Ce que vous devez savoir

  • L'affaire sous-jacente est une demande en violation du droit d'auteur de Voltage dans cinq films différents. Voltage avait demandé d'autoriser un groupe de défendeurs qui, selon elle, avaient tous téléchargé les mêmes films, avec M. Salna comme représentant défendeur.
  • La Cour fédérale a rejeté la requête en autorisation de Voltage au motif qu'elle ne satisfaisait aucune des conditions d'autorisation. La Cour d'appel a renversé cette décision et a renvoyé le dossier à la Cour fédérale pour que cette dernière détermine si un recours collectif constitue la meilleure procédure et si le défendeur est un représentant convenable.
  • La Cour d'appel a déterminé ce qui suit :

Le différend sous-jacent

Voltage Pictures LLC a présenté une requête en autorisation de sa demande en violation du droit d'auteur comme recours collectif à l'encontre d'un groupe de défendeurs, aussi connu sous le nom de « recours collectif inversé ». Voltage a affirmé que le groupe de défendeurs envisagé violait directement et indirectement son droit d'auteur sur cinq films, en téléchargeant et en téléversant ceux-ci sur des sites utilisant un protocole de partage de fichiers poste à poste tels que BitTorrent. Voltage avait précédemment obtenu une ordonnance de type Norwich obligeant certains fournisseurs de services Internet à divulguer l'identité des contrefacteurs allégués, y compris M. Salna. L'adresse IP de ce dernier avait été sélectionnée parce que son compte avait à un moment donné permis de téléverser tous les cinq films.
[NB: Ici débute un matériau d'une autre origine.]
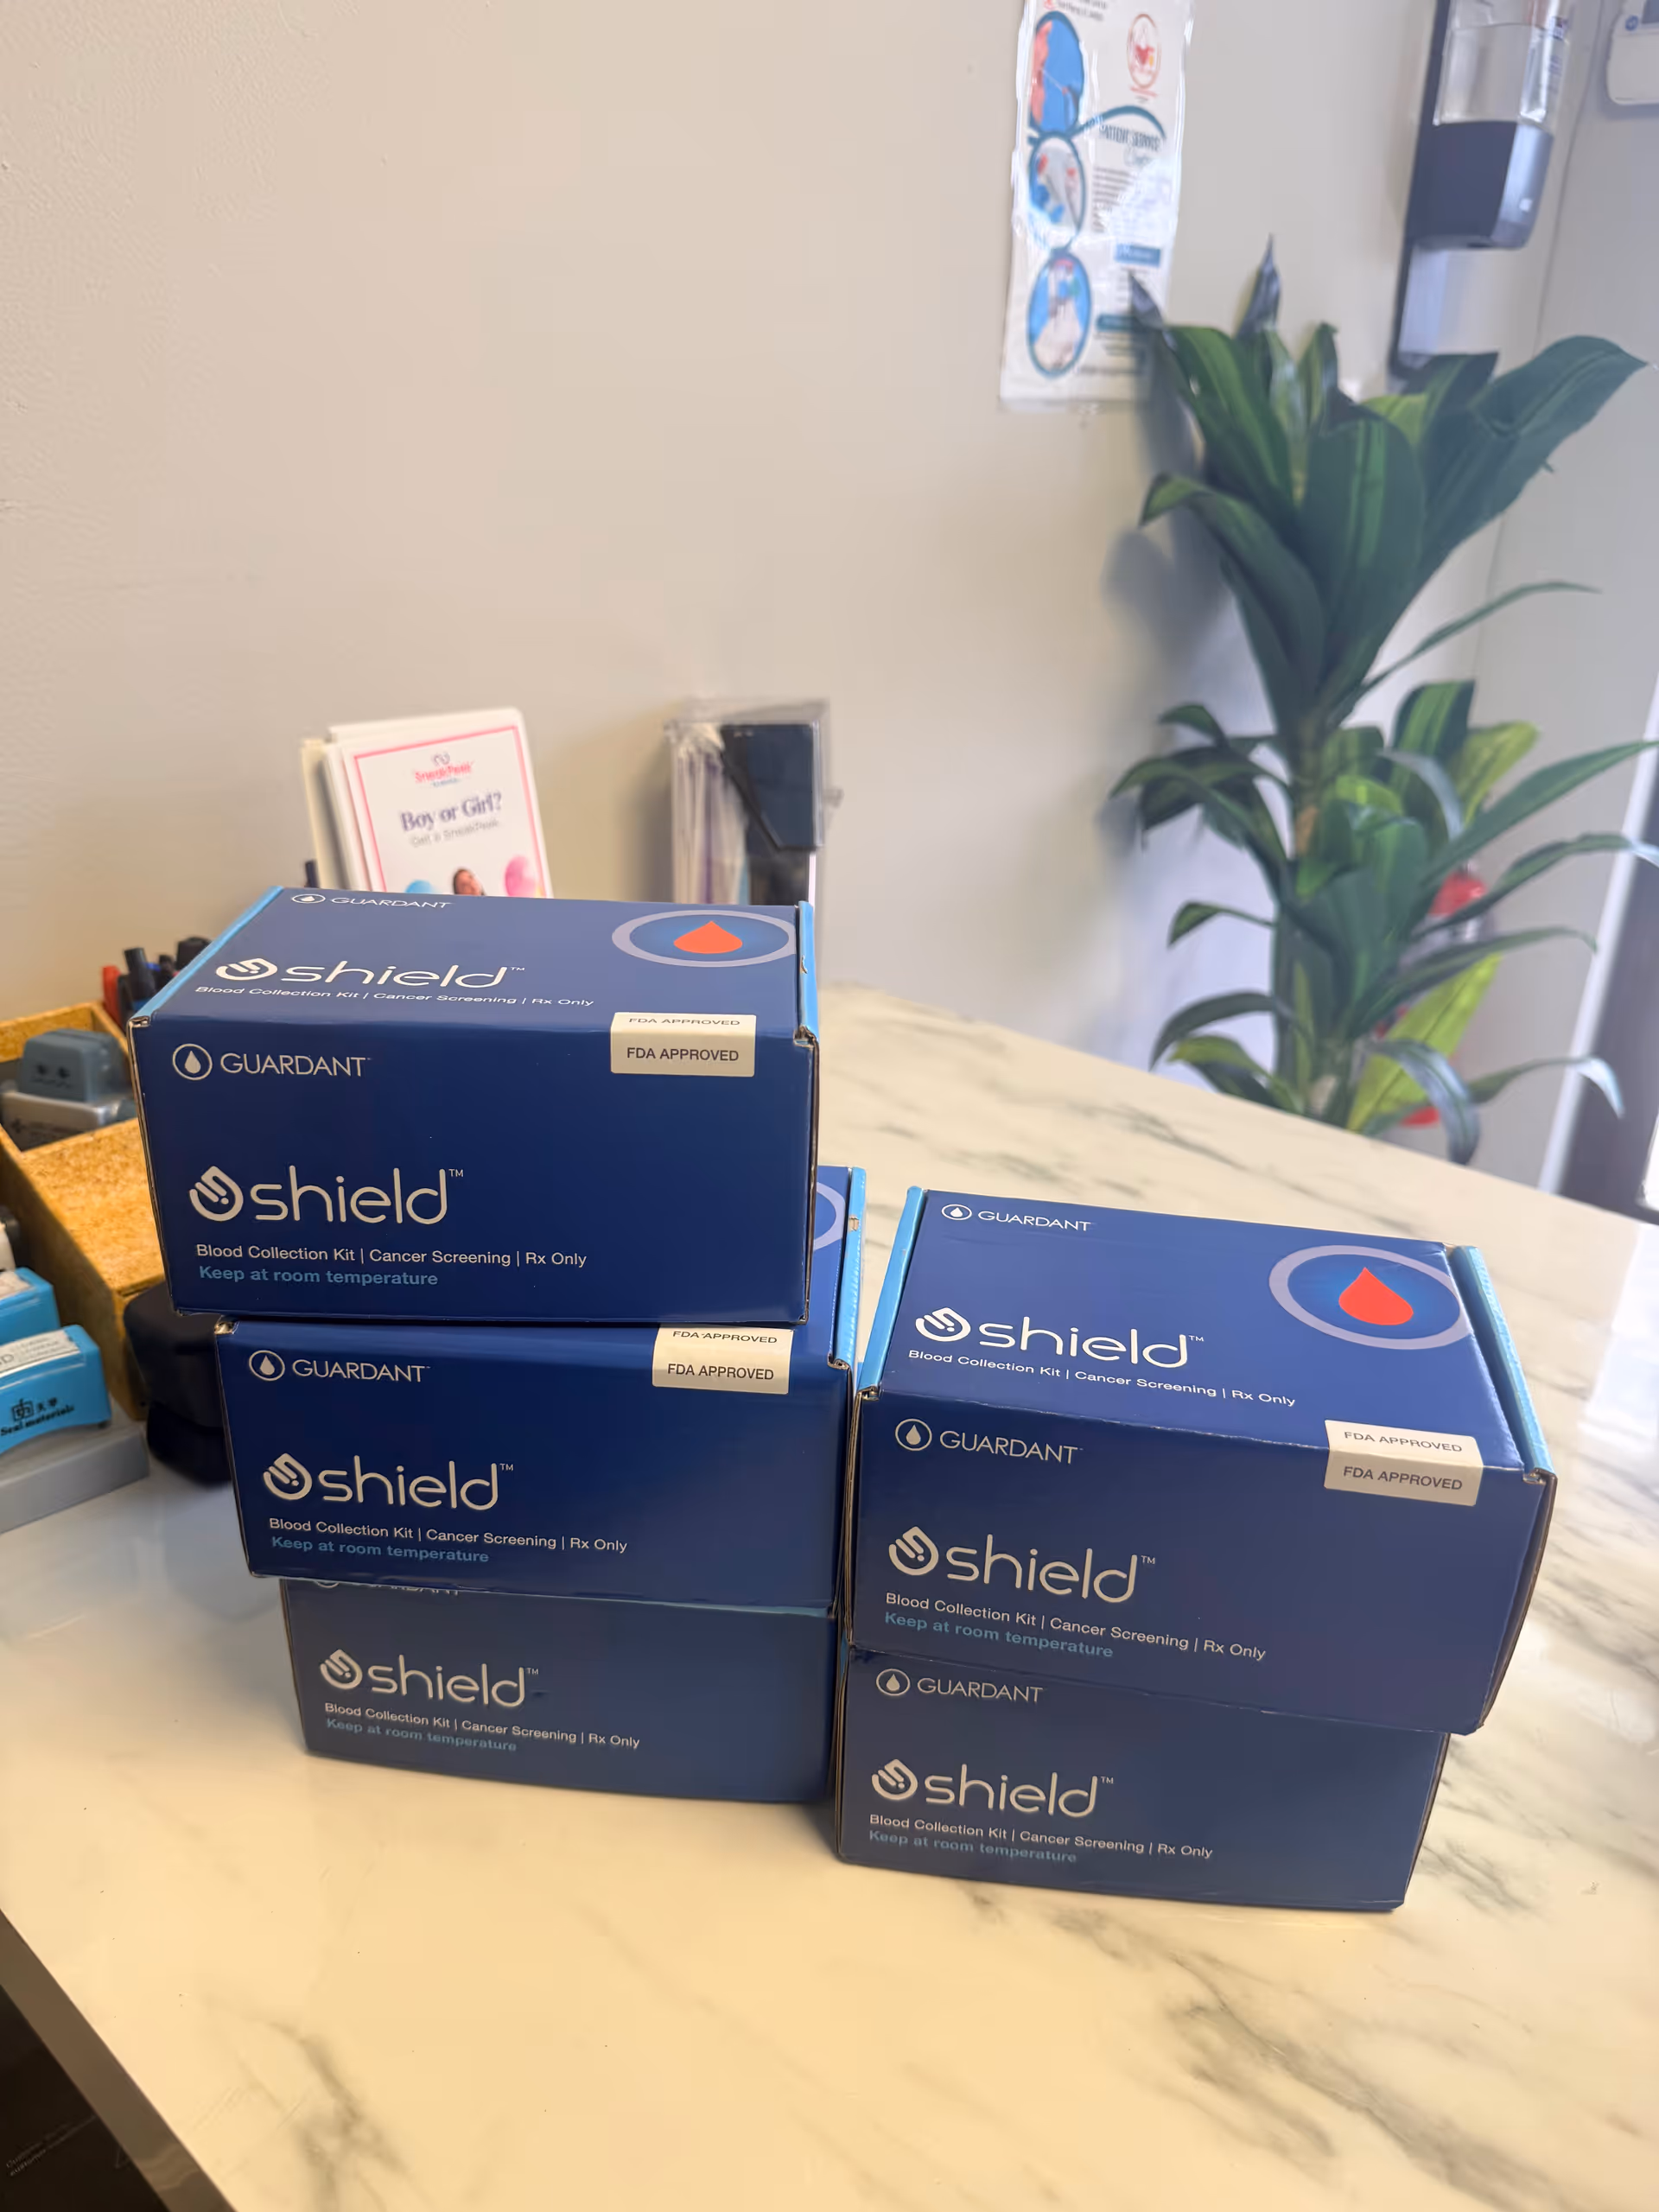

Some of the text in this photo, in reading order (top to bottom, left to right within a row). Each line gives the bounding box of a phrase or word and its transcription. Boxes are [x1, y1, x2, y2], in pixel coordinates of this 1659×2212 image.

[401, 792, 502, 831] Boy or Girl?
[330, 897, 451, 909] GUARDANT
[248, 988, 332, 997] Collection
[436, 995, 517, 1004] Screening
[219, 1052, 366, 1077] GUARDANT
[626, 1046, 740, 1062] FDA APPROVED
[977, 1211, 1091, 1231] GUARDANT
[196, 1243, 243, 1258] Blood
[248, 1245, 328, 1261] Collection
[334, 1248, 356, 1262] Kit
[369, 1249, 428, 1262] Cancer
[432, 1249, 511, 1268] Screening
[525, 1252, 546, 1265] Rx
[551, 1252, 588, 1268] Only
[199, 1265, 438, 1287] Keep at room temperature
[702, 1332, 778, 1344] APPROVED
[292, 1359, 426, 1382] GUARDANT
[667, 1363, 774, 1381] FDA APPROVED
[908, 1350, 953, 1363] Blood
[957, 1356, 1034, 1374] Collection
[1039, 1366, 1061, 1377] Kit
[1074, 1370, 1132, 1385] Cancer
[1136, 1378, 1217, 1397] Screening
[1231, 1389, 1254, 1401] Rx
[1258, 1393, 1295, 1408] Only
[939, 1430, 1078, 1465] GUARDANT
[1344, 1431, 1463, 1452] FDA APPROVED
[1343, 1465, 1463, 1491] FDA APPROVED
[269, 1517, 312, 1532] Blood
[315, 1521, 389, 1537] Collection
[393, 1527, 414, 1539] Kit
[426, 1529, 480, 1542] Cancer
[483, 1532, 556, 1550] Screening
[570, 1537, 589, 1549] Rx
[594, 1538, 627, 1554] Only
[271, 1536, 490, 1563] Keep at room temperature
[885, 1611, 1114, 1657] Keep at room temperature
[886, 1592, 930, 1610] Blood
[934, 1599, 1010, 1622] Collection
[1015, 1611, 1037, 1626] Kit
[1050, 1617, 1106, 1637] Cancer
[1110, 1626, 1189, 1651] Screening
[1203, 1639, 1224, 1654] Rx
[1230, 1643, 1266, 1662] Only
[917, 1677, 1044, 1702] GUARDANT
[324, 1702, 362, 1717] Blood
[365, 1707, 429, 1726] Collection
[433, 1716, 450, 1728] Kit
[461, 1719, 509, 1734] Cancer
[512, 1726, 577, 1743] Screening
[588, 1732, 606, 1744] Rx
[610, 1735, 640, 1749] Only
[327, 1718, 517, 1751] Keep at room temperature
[869, 1814, 910, 1828] Blood
[914, 1819, 983, 1837] Collection
[988, 1827, 1007, 1840] Kit
[1020, 1830, 1071, 1846] Cancer
[1074, 1835, 1145, 1853] Screening
[1157, 1843, 1176, 1855] Rx
[1180, 1845, 1213, 1859] Only
[869, 1829, 1077, 1863] Keep at room temperature
La Cour fédérale a rejeté la requête en autorisation de Voltage, car elle a jugé que cette dernière n'avait satisfait à aucun des cinq critères requis pour autoriser un recours collectif énoncés dans les Règles des Cours fédérales. Voltage a fait appel de cette décision.
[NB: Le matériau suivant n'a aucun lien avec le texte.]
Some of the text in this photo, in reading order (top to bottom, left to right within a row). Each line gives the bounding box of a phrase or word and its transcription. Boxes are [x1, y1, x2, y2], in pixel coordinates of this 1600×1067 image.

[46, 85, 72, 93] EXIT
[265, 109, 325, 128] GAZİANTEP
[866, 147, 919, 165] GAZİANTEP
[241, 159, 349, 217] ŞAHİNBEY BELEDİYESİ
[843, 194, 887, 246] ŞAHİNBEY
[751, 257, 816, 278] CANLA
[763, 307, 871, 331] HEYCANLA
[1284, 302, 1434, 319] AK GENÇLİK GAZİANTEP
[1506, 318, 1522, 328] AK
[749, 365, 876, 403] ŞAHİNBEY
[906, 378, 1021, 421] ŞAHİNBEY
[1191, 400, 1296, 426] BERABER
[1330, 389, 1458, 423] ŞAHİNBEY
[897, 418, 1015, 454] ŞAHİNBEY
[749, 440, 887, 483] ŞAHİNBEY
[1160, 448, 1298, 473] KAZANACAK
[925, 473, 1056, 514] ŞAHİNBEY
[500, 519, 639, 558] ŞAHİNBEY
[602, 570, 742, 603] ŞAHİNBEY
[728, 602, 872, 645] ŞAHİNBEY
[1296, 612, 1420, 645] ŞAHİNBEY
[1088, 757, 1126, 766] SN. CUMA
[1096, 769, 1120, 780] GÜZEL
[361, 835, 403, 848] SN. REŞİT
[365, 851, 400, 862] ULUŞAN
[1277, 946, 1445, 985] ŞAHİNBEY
La décision de la Cour d'appel fédérale

Dans une décision unanime, la Cour d'appel fédérale a retourné la requête en autorisation à la Cour fédérale aux fins de réexamen. Bien que la Cour d'appel eût des preuves suffisantes pour conclure que les actes de procédure révélaient une cause d'action, qu'un groupe identifiable existait et qu'il y avait des points communs, elle a jugé que les autres facteurs relatifs au critère applicable à l'autorisation exigeaient une appréciation des faits supplémentaire.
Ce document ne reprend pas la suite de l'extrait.